Life’s a pitch
Your pitch is your most important asset. If you’ve got a good pitch, you can easily communicate the value of your idea to anyone. And that means you’ll have a good chance of receiving funding.
Here’s our best tips to developing a strong pitch.
If you keep it simple, it’ll probably be clear. Try to distill your idea into one thought. Take a look at these pitch archetypes http://www.jasonshen.com/2012/eleven-compelling-startup-pitch-archetypes-with-examples-from-yc-companies/ and see if they fit your idea.
What are the most important points?
A word of warning—it’s probably not endless pages of data. Start with the value to your customers on a human level, and work from there.

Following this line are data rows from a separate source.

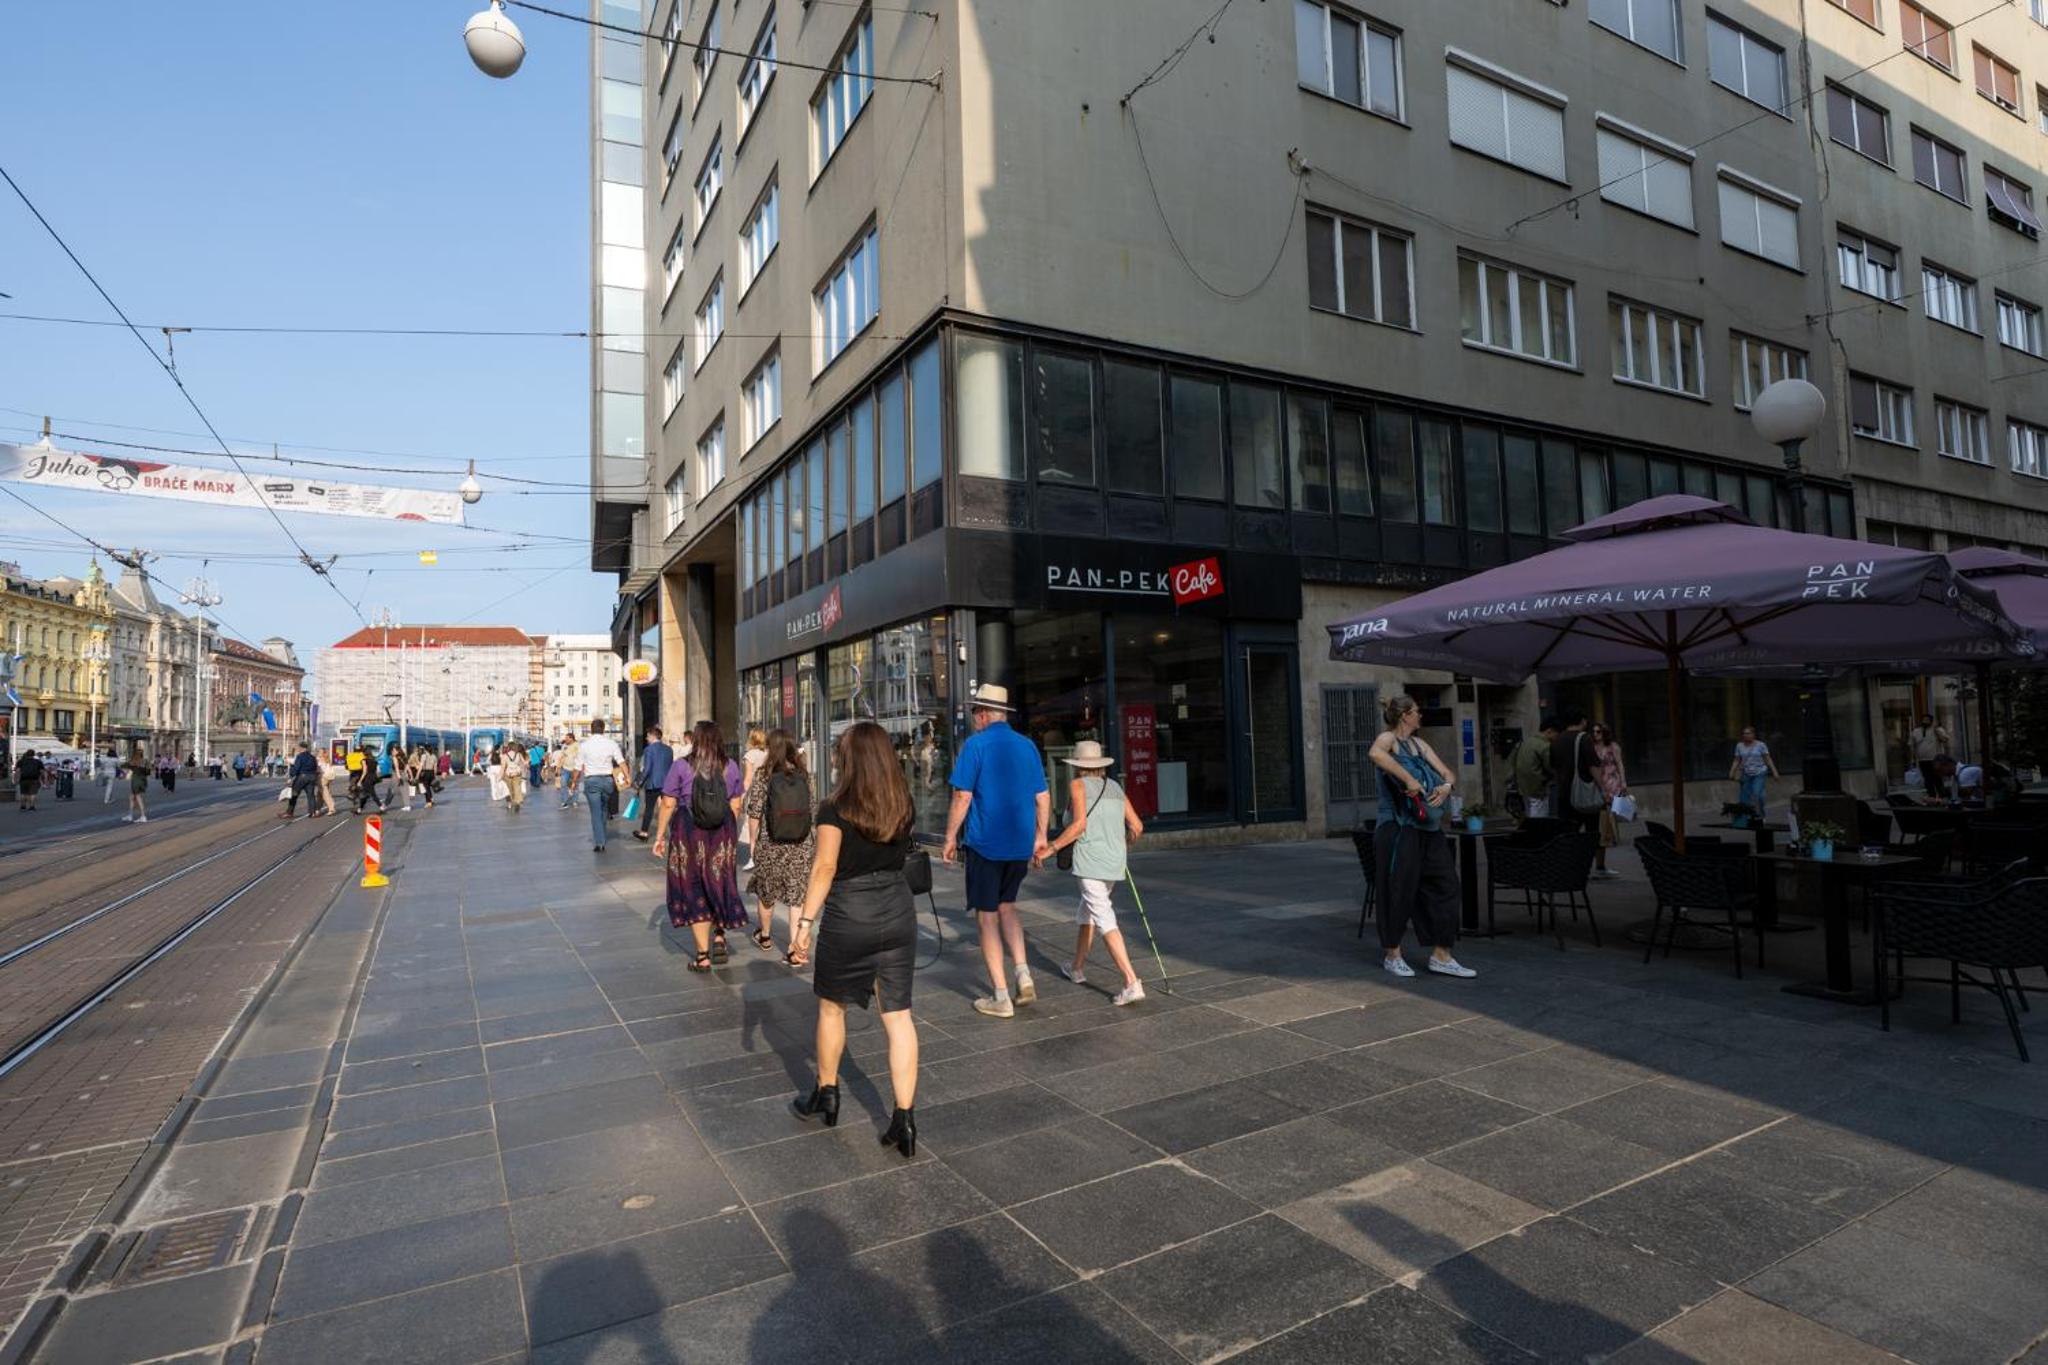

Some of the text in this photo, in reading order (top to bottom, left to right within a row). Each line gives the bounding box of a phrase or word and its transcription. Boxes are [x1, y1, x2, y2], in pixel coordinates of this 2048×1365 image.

[24, 455, 92, 479] Juha
[193, 479, 236, 494] MARX
[1047, 563, 1217, 596] PAN-PEK Cafe
[1806, 560, 1875, 578] PAN
[1802, 581, 1871, 598] PEK
[1447, 585, 1712, 622] NATURAL MINERAL WATER
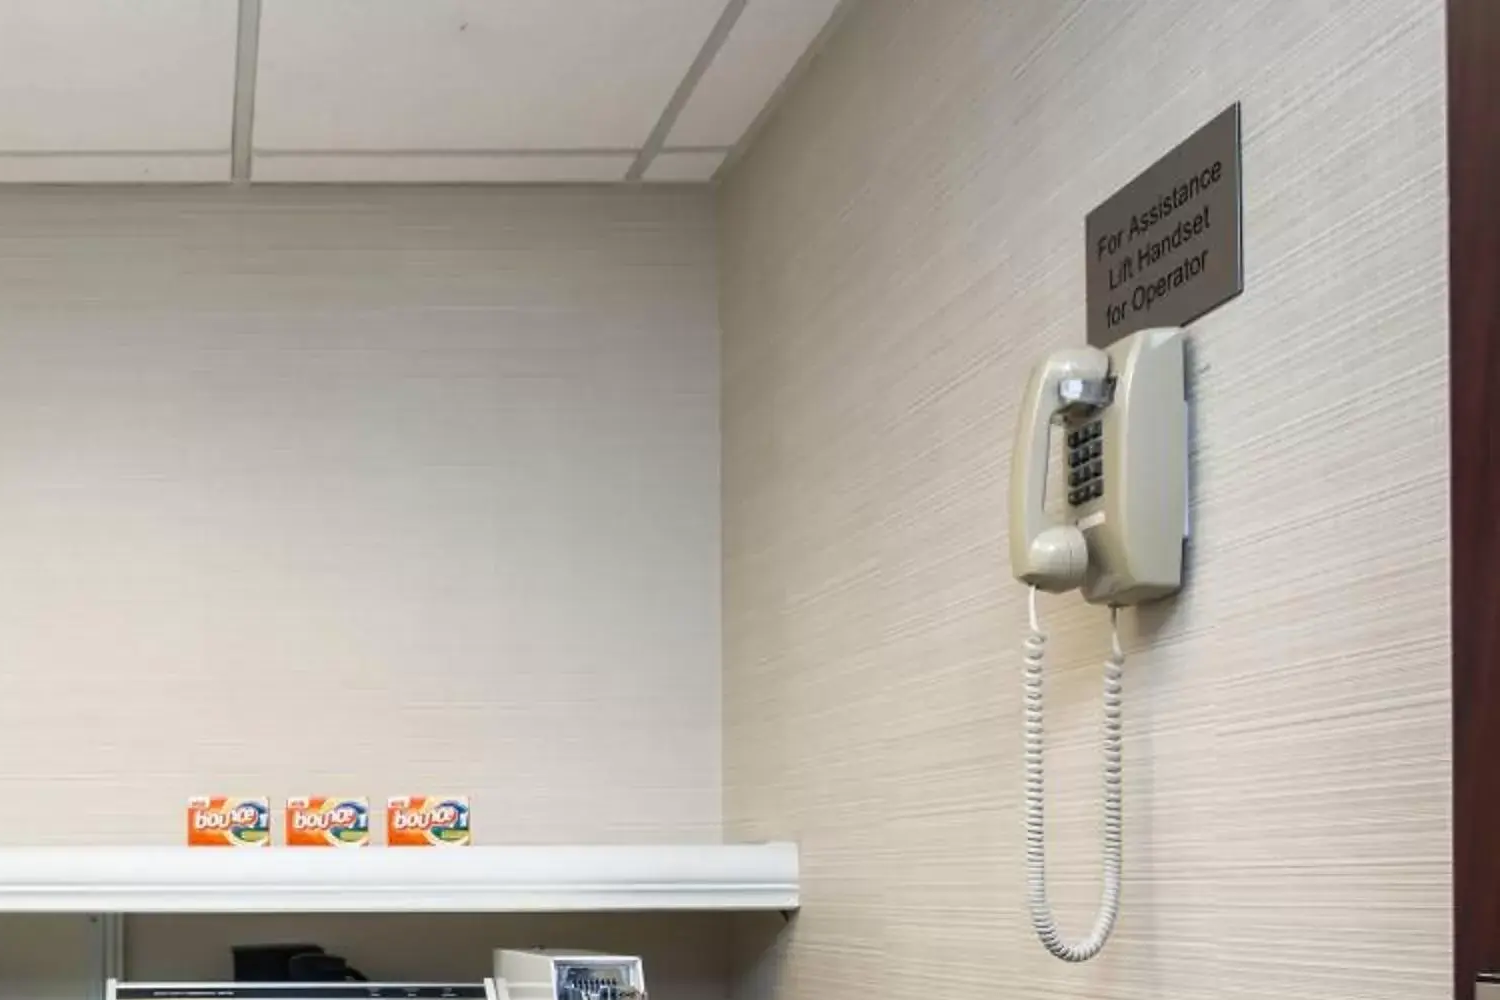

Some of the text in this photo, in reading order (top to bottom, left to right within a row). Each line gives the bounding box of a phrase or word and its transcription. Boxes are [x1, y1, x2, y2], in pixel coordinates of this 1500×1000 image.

What’s the market opportunity?
If there are already others in your intended market, how will you do it differently? If it’s a new market, how can you guarantee customers?
What’s your plan?
What’s your customer acquisition strategy? How much is it going to cost? Where will the funds be spent? What are the timelines around the release?
Who are you?
What have you done and why does it matter? What are the strengths of all your team members? What makes you stand out from the rest?
Listen to Paul Graham and Peter Thiel.
And if all else fails, read what Y-Combinator’s Paul Graham has to say about how to present to investors or Blake Master’s brilliant essays he took from Peter Thiel’s Spring 2012 Stanford Startup class notes.